BACKGROUND/AIMS: Familial exudative vitreoretinopathy (FEVR) is associated with mutations in the Norrie disease gene in X linked pedigrees and with linkage to the EVR1 locus at 11q13 in autosomal dominant cases. A large autosomal dominant FEVR family was studied, both clinically and by linkage analysis, to determine whether it differed from the known forms of FEVR.
METHODS: Affected members and obligate gene carriers from this family were examined by slit lamp biomicroscopy, indirect ophthalmoscopy, and in some cases fluorescein angiography.
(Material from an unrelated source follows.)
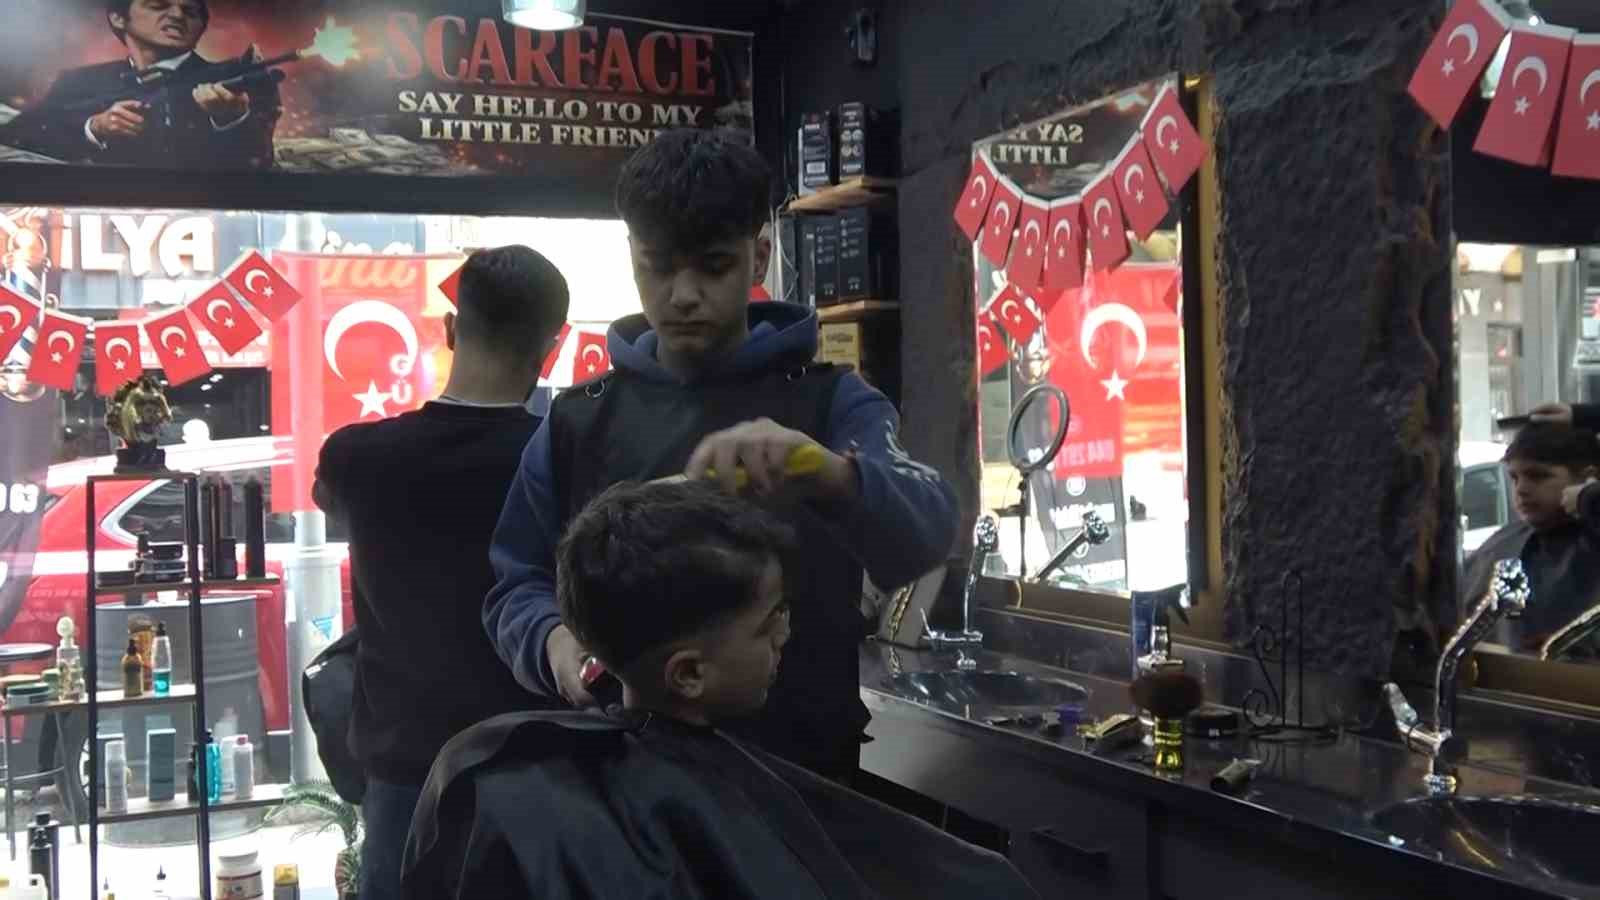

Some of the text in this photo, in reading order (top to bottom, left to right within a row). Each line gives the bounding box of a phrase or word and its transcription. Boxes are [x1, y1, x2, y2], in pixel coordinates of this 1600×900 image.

Patient DNAs were genotyped for markers at the EVR1 locus on chromosome 11q13.
RESULTS: The clinical evaluation in this family is consistent with previous descriptions of FEVR pedigrees, but linkage analysis proves that it has a form of FEVR genetically distinct from the EVR1 locus on 11q.
CONCLUSION: This proves that there are at least three different loci associated with comparable FEVR phenotypes, a situation similar to that existing for many forms of retinal degeneration.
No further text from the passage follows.